Your instructions: All records that follow are to be copied exactly, with images omitted.

Saved entries:
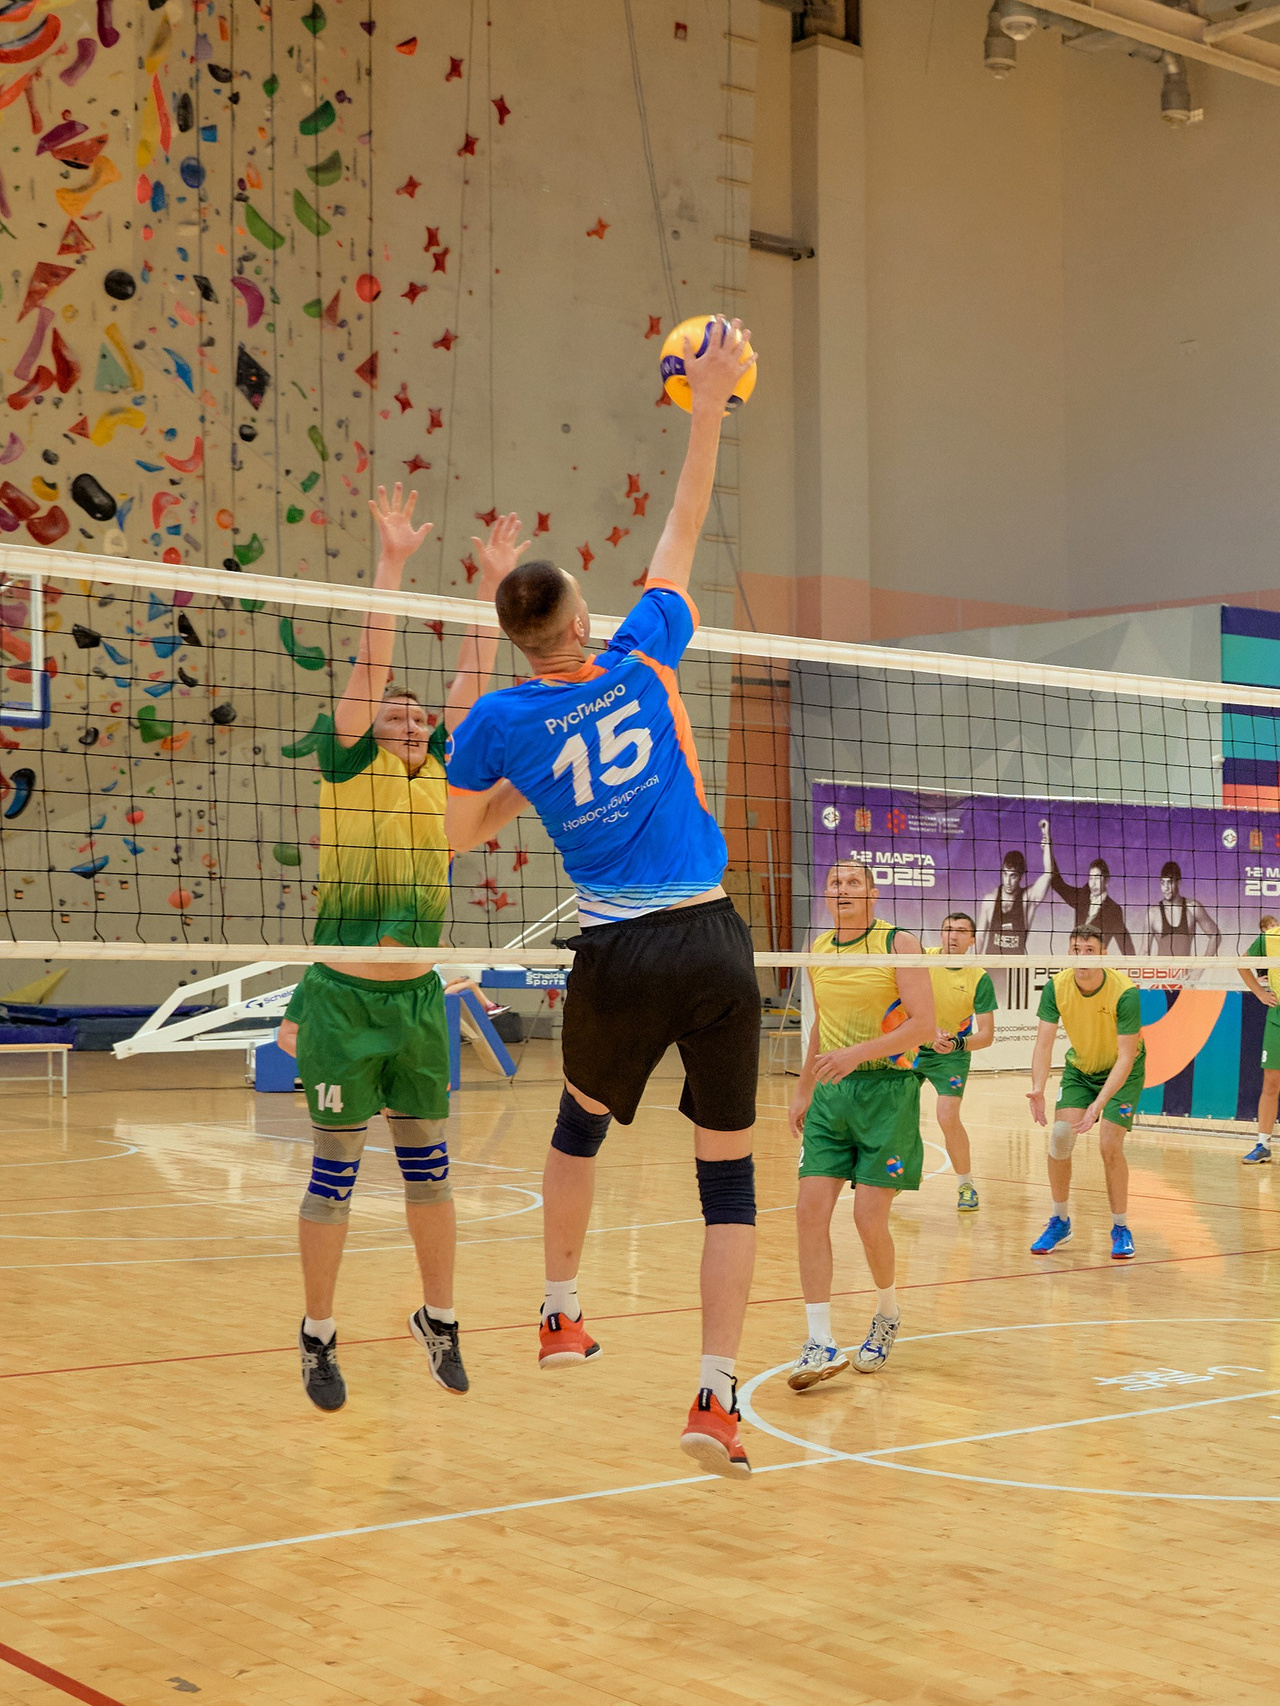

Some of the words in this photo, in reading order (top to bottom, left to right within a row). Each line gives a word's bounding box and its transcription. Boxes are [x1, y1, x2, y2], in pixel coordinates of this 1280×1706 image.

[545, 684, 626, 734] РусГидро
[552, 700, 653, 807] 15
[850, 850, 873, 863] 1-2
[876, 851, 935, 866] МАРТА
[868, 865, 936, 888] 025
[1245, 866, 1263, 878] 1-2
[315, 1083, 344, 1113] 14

Expected output:
Some of the words in this photo, in reading order (top to bottom, left to right within a row). Each line gives a word's bounding box and its transcription. Boxes are [x1, y1, x2, y2], in pixel coordinates of this 1280×1706 image.

[545, 684, 626, 734] РусГидро
[552, 700, 653, 807] 15
[850, 850, 873, 863] 1-2
[876, 851, 935, 866] МАРТА
[868, 865, 936, 888] 025
[1245, 866, 1263, 878] 1-2
[315, 1083, 344, 1113] 14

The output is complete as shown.